Stored records:
—————

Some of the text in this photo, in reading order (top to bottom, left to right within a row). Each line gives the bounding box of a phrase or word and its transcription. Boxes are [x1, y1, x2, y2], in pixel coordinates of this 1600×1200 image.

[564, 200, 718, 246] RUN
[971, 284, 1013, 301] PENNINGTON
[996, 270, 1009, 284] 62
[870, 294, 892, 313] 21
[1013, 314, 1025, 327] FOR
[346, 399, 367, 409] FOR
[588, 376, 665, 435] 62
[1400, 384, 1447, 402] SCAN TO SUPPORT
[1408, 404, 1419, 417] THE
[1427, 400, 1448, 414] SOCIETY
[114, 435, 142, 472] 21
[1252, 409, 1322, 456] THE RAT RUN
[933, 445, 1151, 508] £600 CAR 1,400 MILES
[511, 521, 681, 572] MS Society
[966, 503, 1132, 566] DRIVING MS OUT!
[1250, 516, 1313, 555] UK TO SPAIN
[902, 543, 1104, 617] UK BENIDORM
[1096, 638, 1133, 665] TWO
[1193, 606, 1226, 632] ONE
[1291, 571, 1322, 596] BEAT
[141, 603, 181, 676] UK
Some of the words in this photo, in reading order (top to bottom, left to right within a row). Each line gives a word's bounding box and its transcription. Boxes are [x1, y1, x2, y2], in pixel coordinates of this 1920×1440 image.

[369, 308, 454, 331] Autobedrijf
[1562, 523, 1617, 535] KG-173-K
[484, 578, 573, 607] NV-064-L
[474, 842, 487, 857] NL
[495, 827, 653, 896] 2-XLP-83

—————

# What you have to do:
Could you retype every record above exactly as it appears?

# Response area:
Some of the text in this photo, in reading order (top to bottom, left to right within a row). Each line gives the bounding box of a phrase or word and its transcription. Boxes are [x1, y1, x2, y2], in pixel coordinates of this 1600×1200 image.

[564, 200, 718, 246] RUN
[971, 284, 1013, 301] PENNINGTON
[996, 270, 1009, 284] 62
[870, 294, 892, 313] 21
[1013, 314, 1025, 327] FOR
[346, 399, 367, 409] FOR
[588, 376, 665, 435] 62
[1400, 384, 1447, 402] SCAN TO SUPPORT
[1408, 404, 1419, 417] THE
[1427, 400, 1448, 414] SOCIETY
[114, 435, 142, 472] 21
[1252, 409, 1322, 456] THE RAT RUN
[933, 445, 1151, 508] £600 CAR 1,400 MILES
[511, 521, 681, 572] MS Society
[966, 503, 1132, 566] DRIVING MS OUT!
[1250, 516, 1313, 555] UK TO SPAIN
[902, 543, 1104, 617] UK BENIDORM
[1096, 638, 1133, 665] TWO
[1193, 606, 1226, 632] ONE
[1291, 571, 1322, 596] BEAT
[141, 603, 181, 676] UK
Some of the words in this photo, in reading order (top to bottom, left to right within a row). Each line gives a word's bounding box and its transcription. Boxes are [x1, y1, x2, y2], in pixel coordinates of this 1920×1440 image.

[369, 308, 454, 331] Autobedrijf
[1562, 523, 1617, 535] KG-173-K
[484, 578, 573, 607] NV-064-L
[474, 842, 487, 857] NL
[495, 827, 653, 896] 2-XLP-83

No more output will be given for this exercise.